--- Entries taken from a collection ---

+-------+

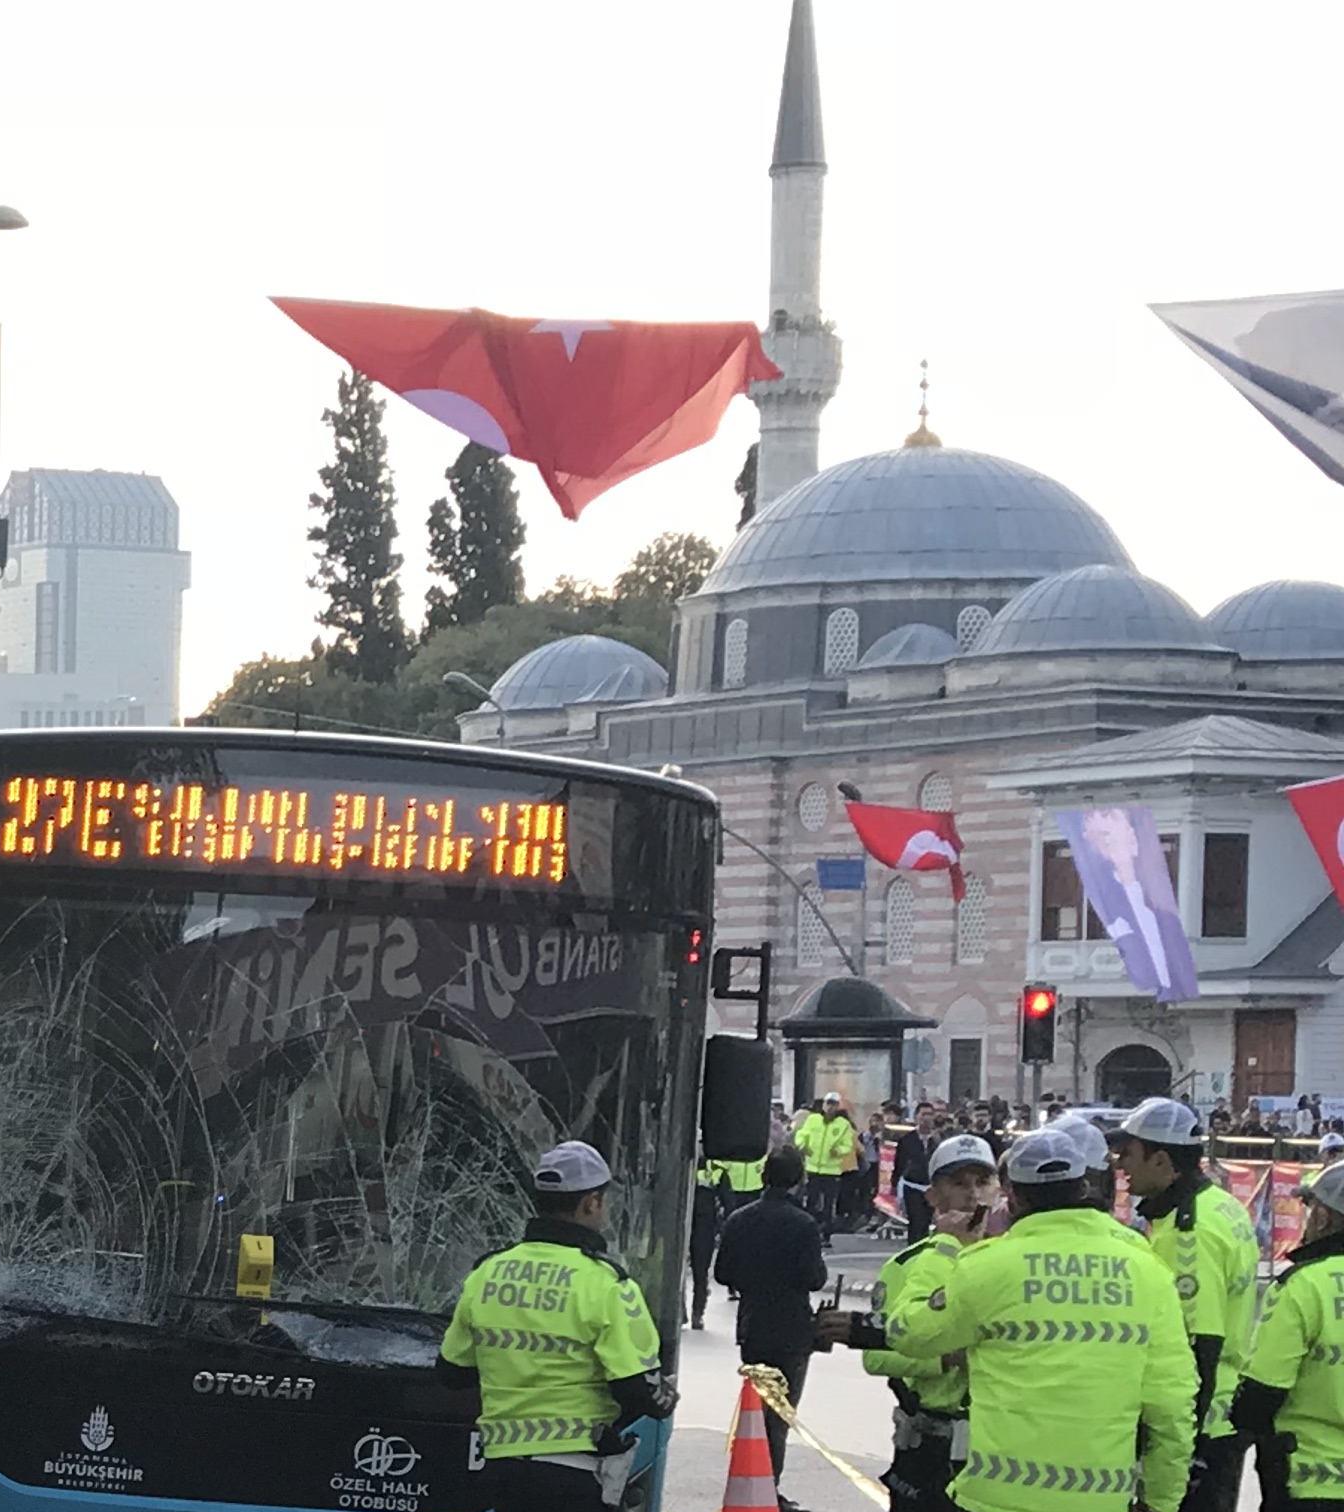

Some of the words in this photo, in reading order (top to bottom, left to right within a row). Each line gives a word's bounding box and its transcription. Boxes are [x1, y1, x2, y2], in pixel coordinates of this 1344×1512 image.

[192, 1371, 316, 1400] OTOKAR
[44, 1460, 143, 1481] BÜYÜKŞEHİR
[330, 1473, 376, 1493] ÖZEL
[382, 1479, 429, 1497] HALK
[339, 1494, 418, 1512] OTOBÜSÜ

+-------+

--- ACTION ITEM ---
Write out each line of the data exactly; the images should be left out.

--- TASK SOLUTION ---
Some of the words in this photo, in reading order (top to bottom, left to right within a row). Each line gives a word's bounding box and its transcription. Boxes are [x1, y1, x2, y2], in pixel coordinates of this 1344×1512 image.

[192, 1371, 316, 1400] OTOKAR
[44, 1460, 143, 1481] BÜYÜKŞEHİR
[330, 1473, 376, 1493] ÖZEL
[382, 1479, 429, 1497] HALK
[339, 1494, 418, 1512] OTOBÜSÜ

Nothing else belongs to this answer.